Write out the records below exactly as they appear, skipping each picture.

━━━━━ Task input

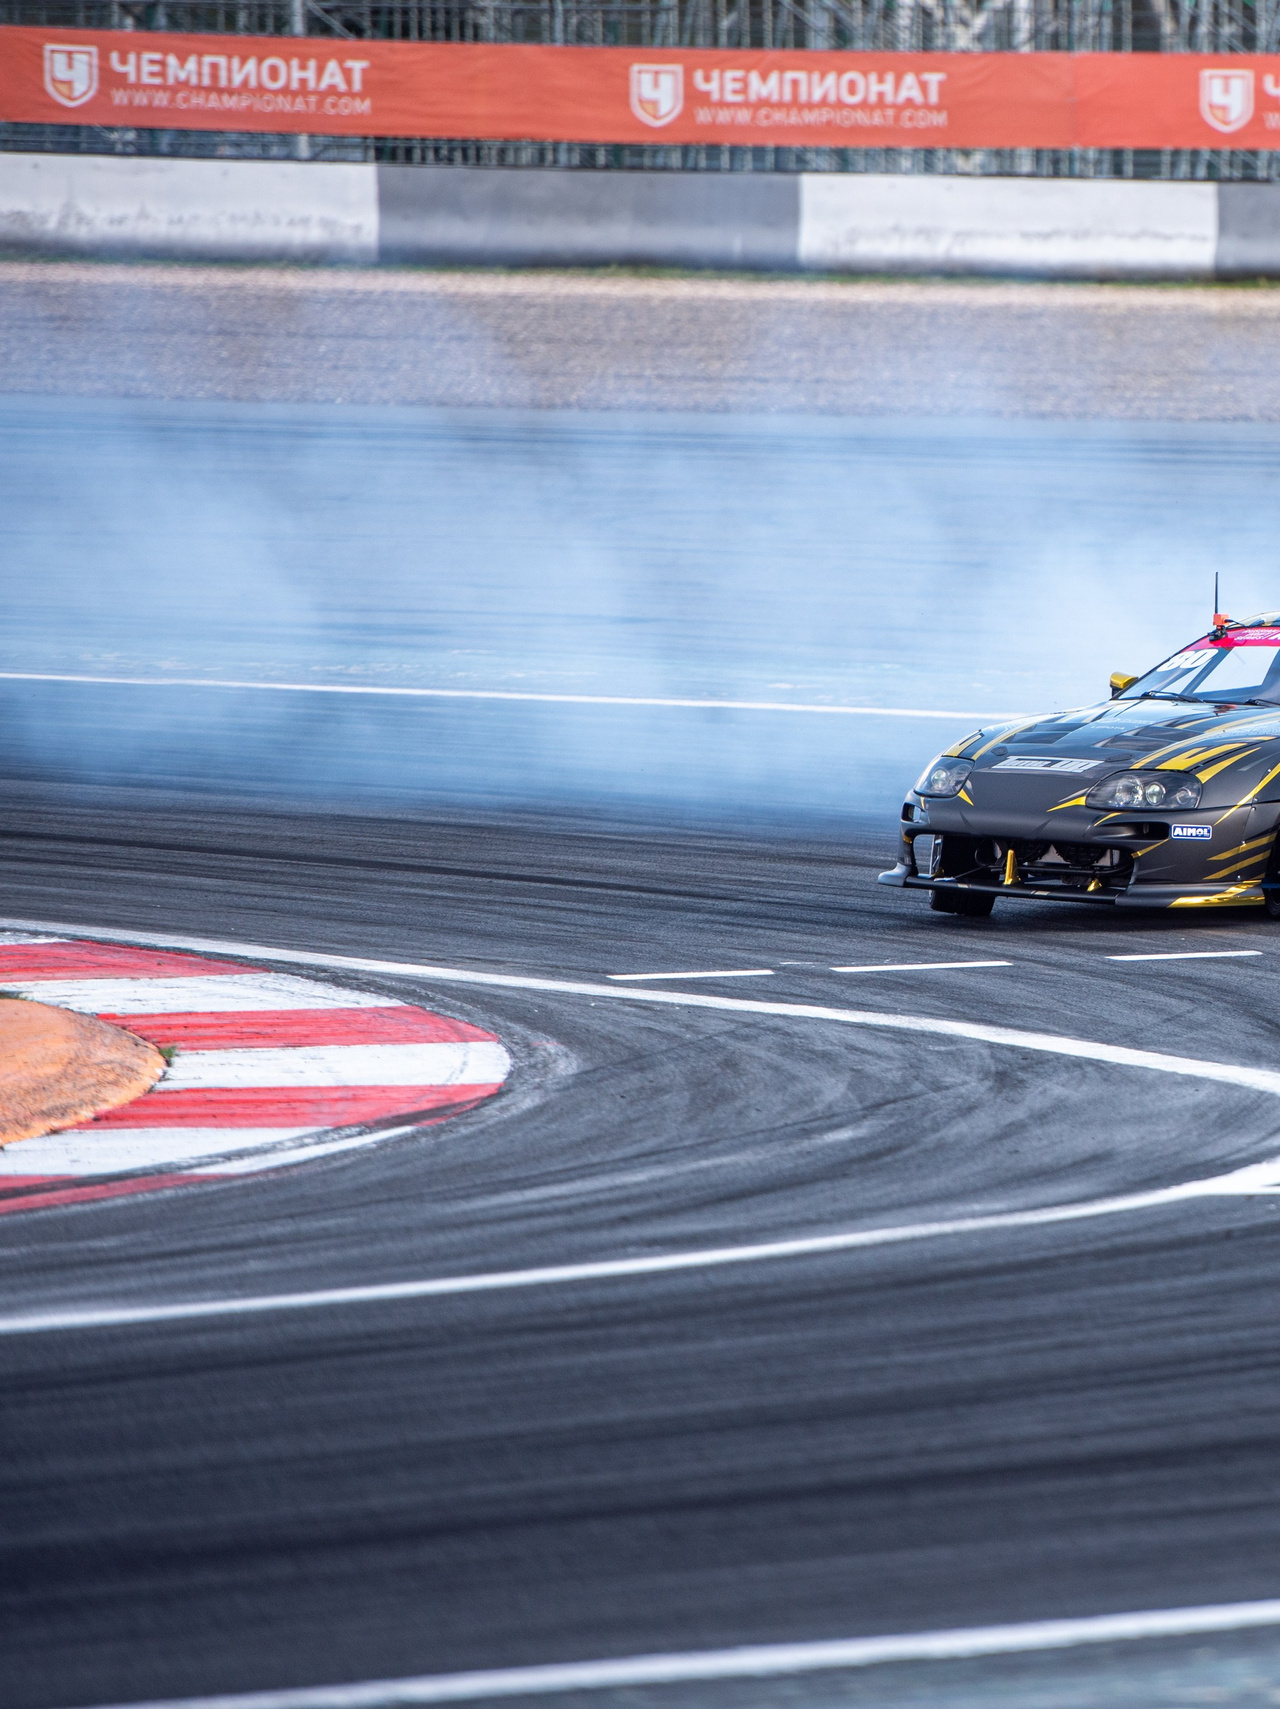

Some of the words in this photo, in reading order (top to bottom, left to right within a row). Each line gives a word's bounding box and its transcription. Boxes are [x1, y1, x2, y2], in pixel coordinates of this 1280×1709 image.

[109, 50, 370, 93] ЧЕМПИОНАТ
[693, 69, 948, 106] ЧЕМПИОНАТ
[1156, 648, 1219, 672] 80
[1173, 827, 1210, 837] AIMOL
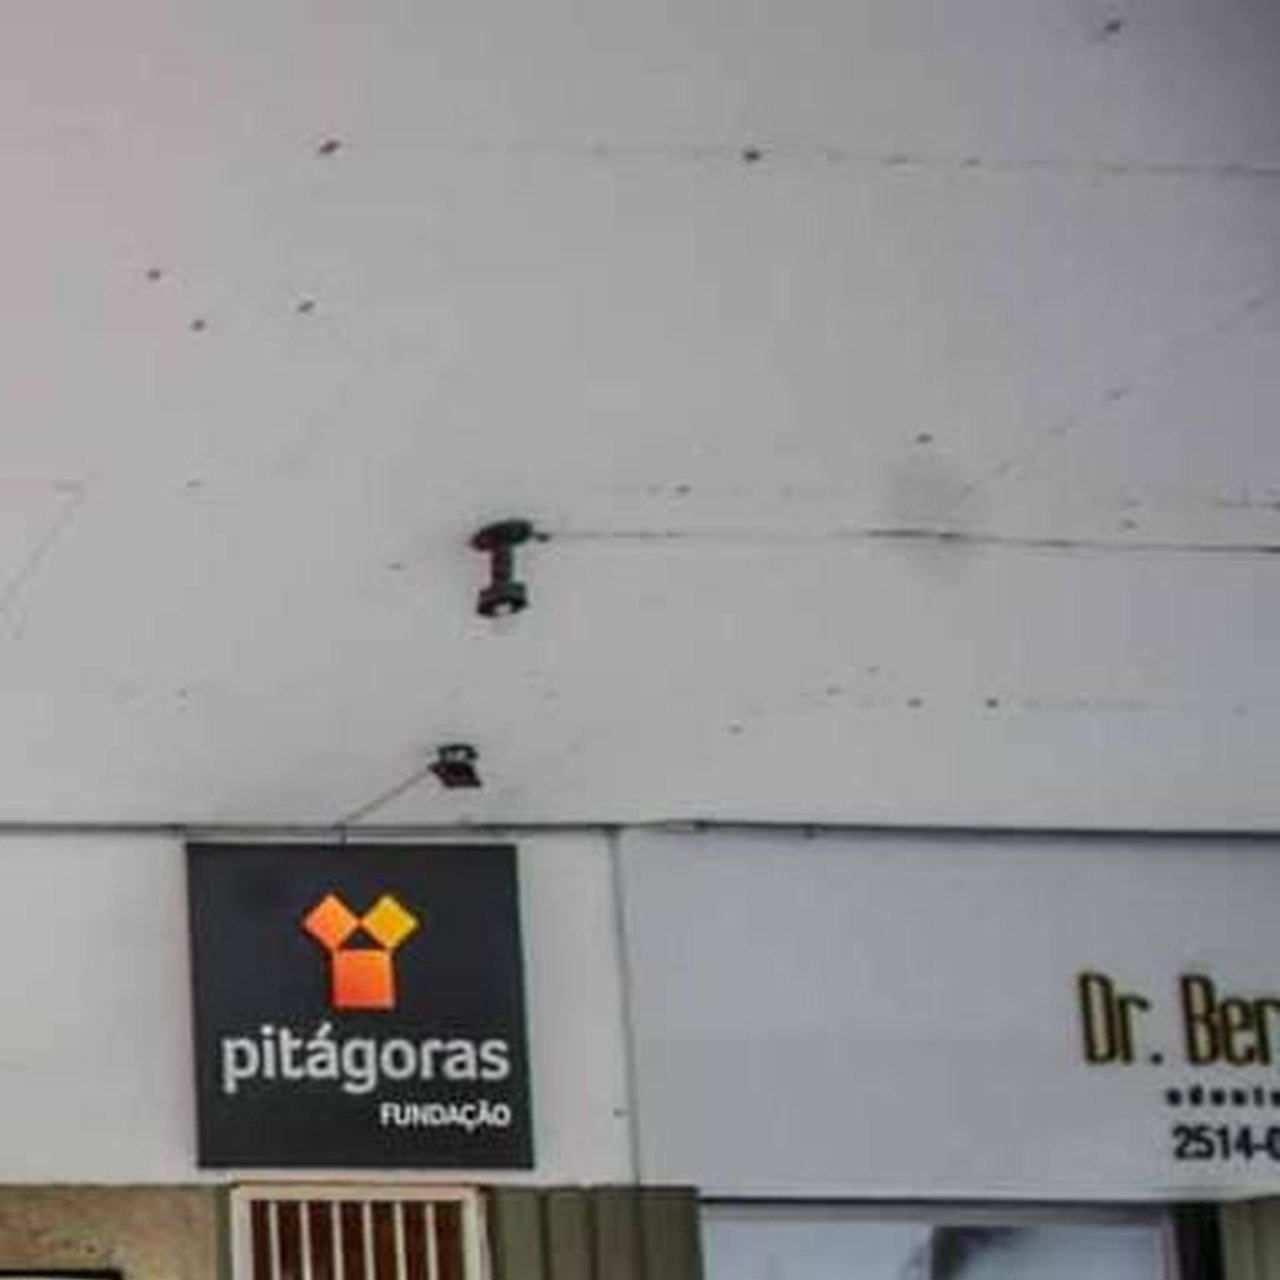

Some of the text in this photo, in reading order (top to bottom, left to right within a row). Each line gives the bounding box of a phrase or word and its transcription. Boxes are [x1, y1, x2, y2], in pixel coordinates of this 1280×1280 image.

━━━━━━━━━━

Task result:
Some of the words in this photo, in reading order (top to bottom, left to right within a row). Each line gives a word's bounding box and its transcription. Boxes are [x1, y1, x2, y2], in pixel coordinates of this 1280×1709 image.

[109, 50, 370, 93] ЧЕМПИОНАТ
[693, 69, 948, 106] ЧЕМПИОНАТ
[1156, 648, 1219, 672] 80
[1173, 827, 1210, 837] AIMOL

Some of the text in this photo, in reading order (top to bottom, left to right within a row). Each line gives the bounding box of a phrase or word and its transcription. Boxes are [x1, y1, x2, y2], in pixel coordinates of this 1280×1280 image.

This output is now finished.